_WORK ORDER_
Copy out all of the data word for word. Omit every picture.

Saved data entries:
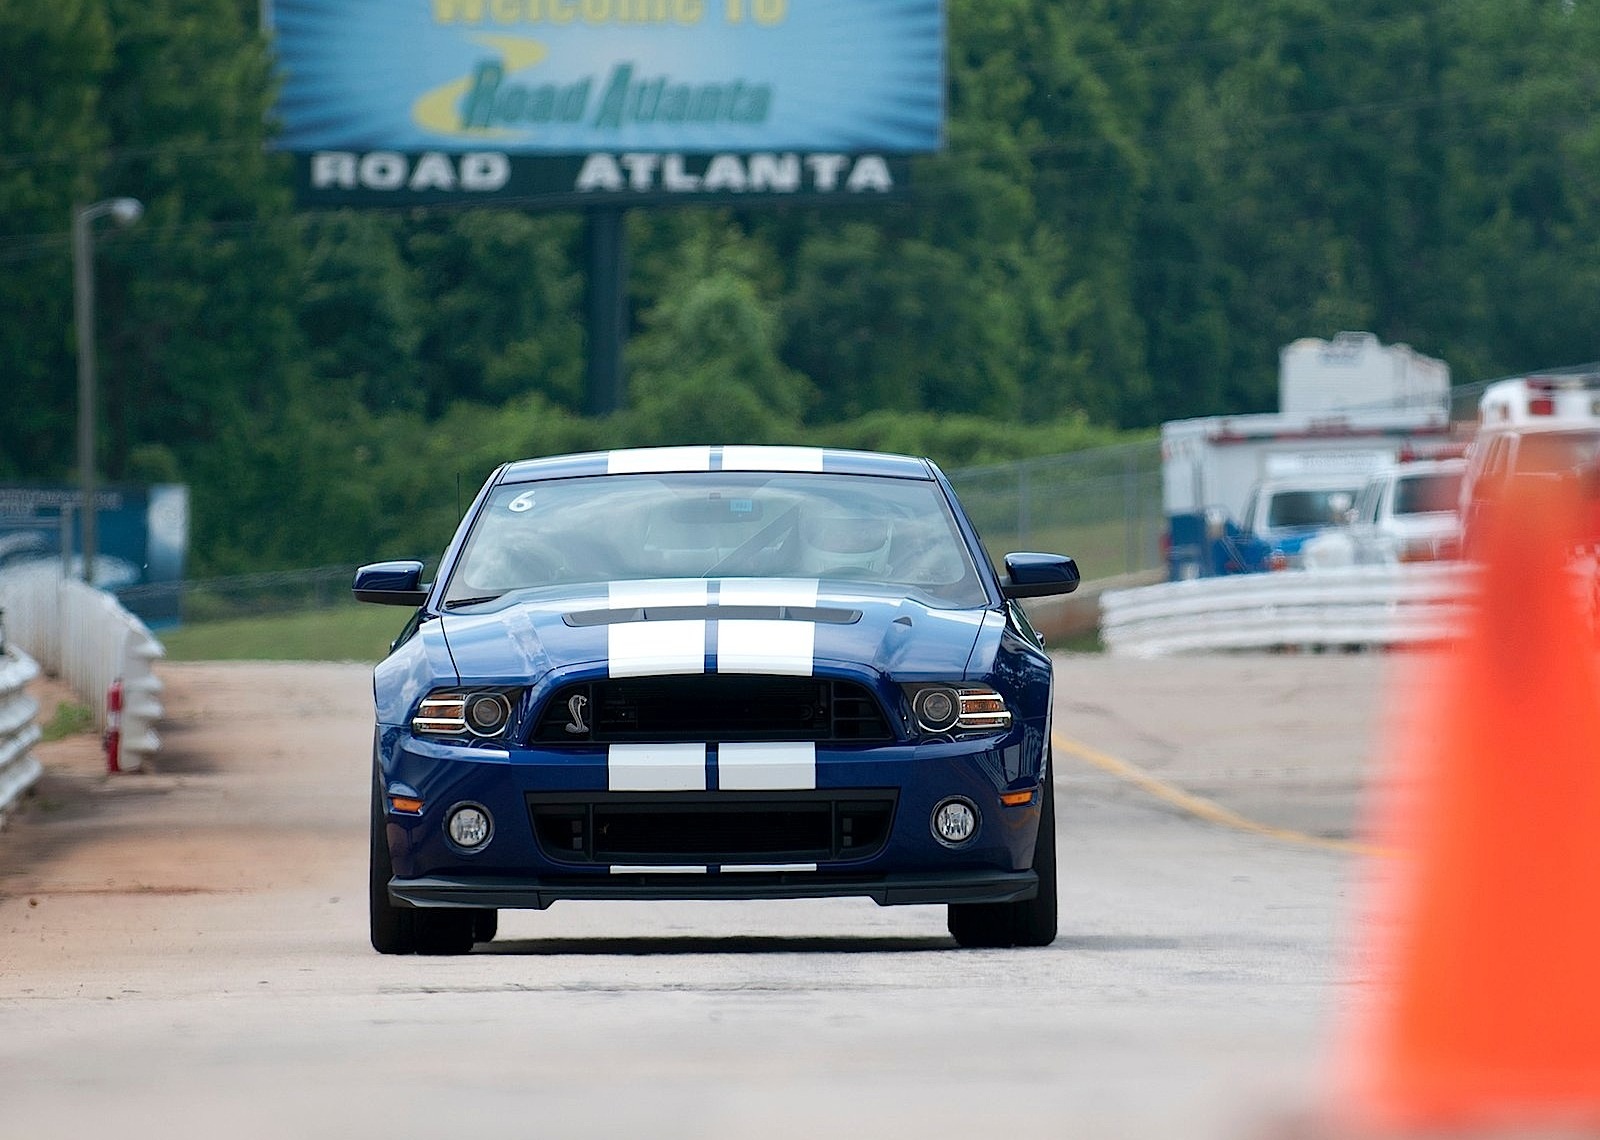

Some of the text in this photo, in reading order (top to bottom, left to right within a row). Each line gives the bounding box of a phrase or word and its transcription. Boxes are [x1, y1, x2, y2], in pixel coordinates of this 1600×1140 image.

[463, 60, 772, 129] Road Atlanta
[311, 152, 894, 193] ROAD ATLANTA
[508, 490, 536, 512] 6
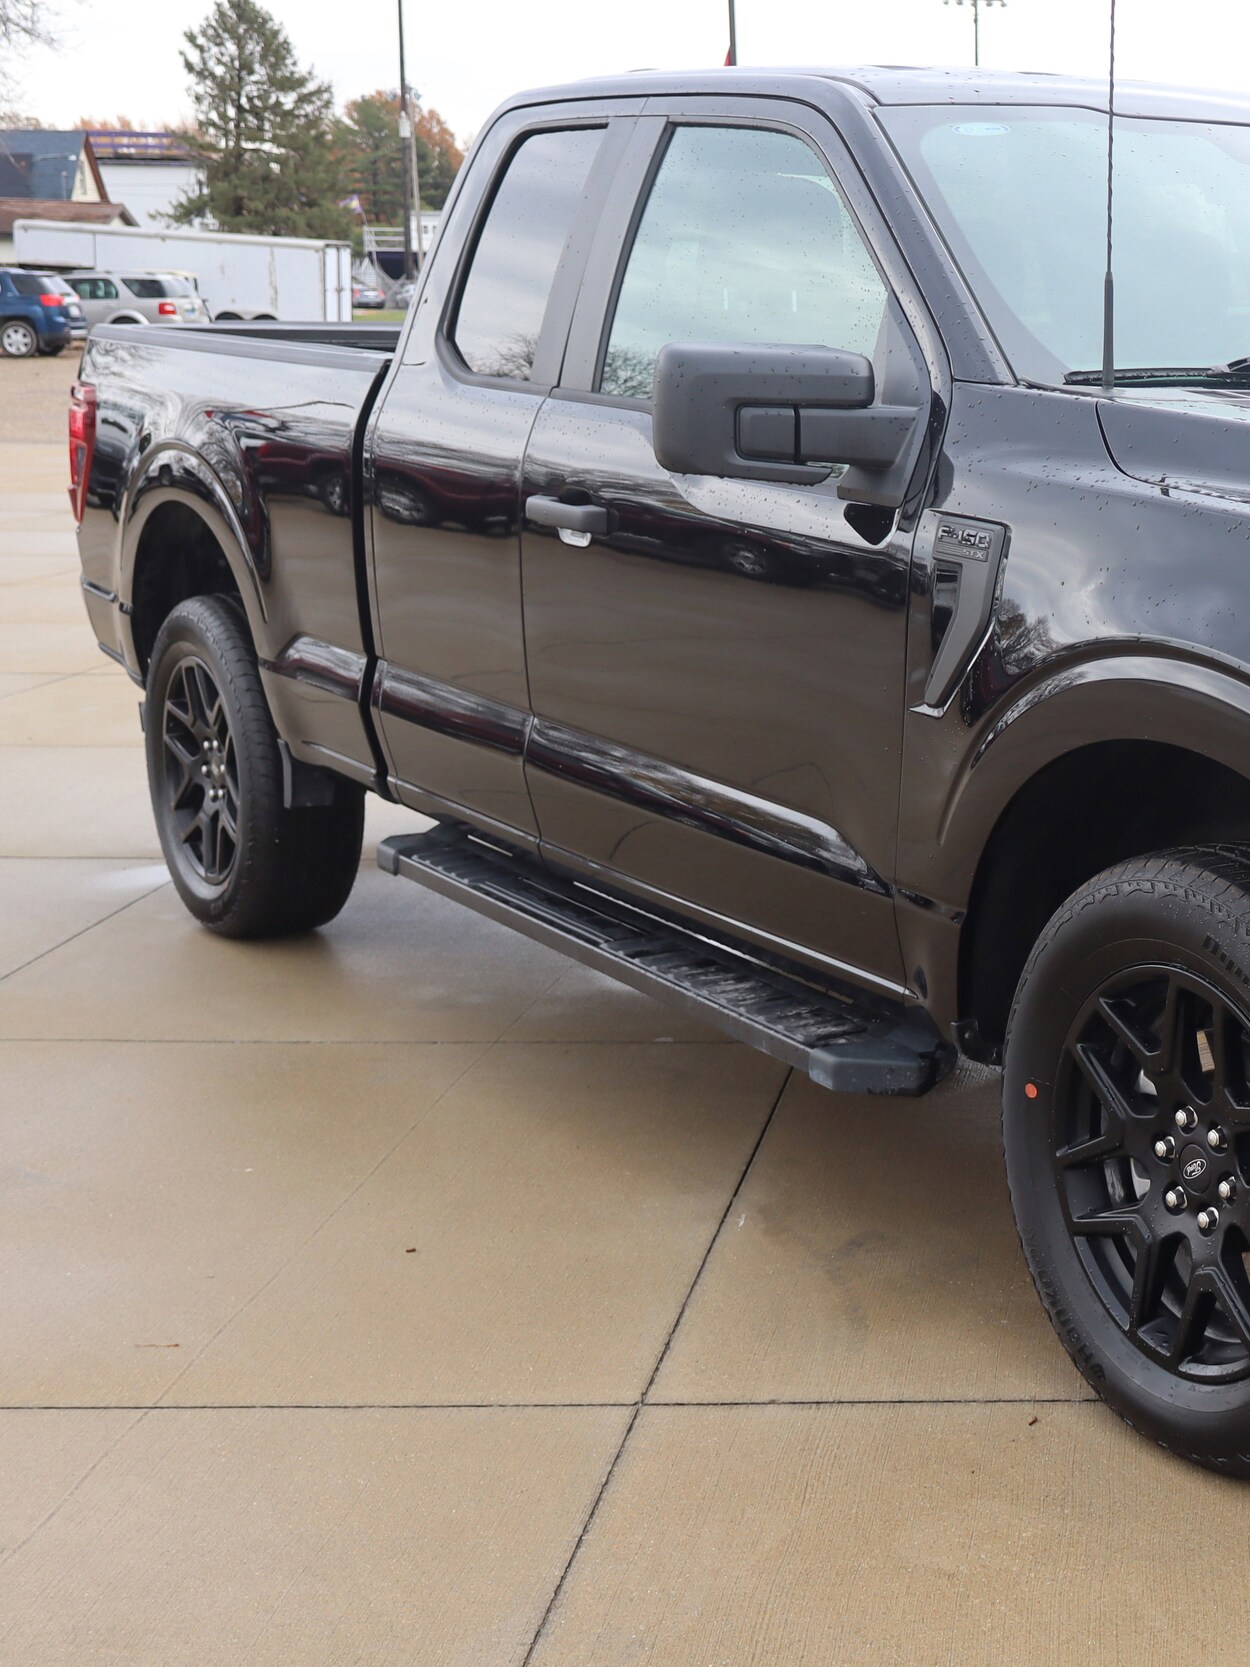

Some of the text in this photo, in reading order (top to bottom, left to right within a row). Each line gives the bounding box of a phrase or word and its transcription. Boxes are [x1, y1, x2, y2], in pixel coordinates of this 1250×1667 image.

[938, 525, 991, 549] F-150
[962, 548, 984, 559] STX
[1187, 1160, 1201, 1176] Ford

_OUTPUT FOR THIS EXERCISE_
Some of the text in this photo, in reading order (top to bottom, left to right within a row). Each line gives the bounding box of a phrase or word and its transcription. Boxes are [x1, y1, x2, y2], in pixel coordinates of this 1600×1140 image.

[463, 60, 772, 129] Road Atlanta
[311, 152, 894, 193] ROAD ATLANTA
[508, 490, 536, 512] 6

Some of the text in this photo, in reading order (top to bottom, left to right within a row). Each line gives the bounding box of a phrase or word and its transcription. Boxes are [x1, y1, x2, y2], in pixel coordinates of this 1250×1667 image.

[938, 525, 991, 549] F-150
[962, 548, 984, 559] STX
[1187, 1160, 1201, 1176] Ford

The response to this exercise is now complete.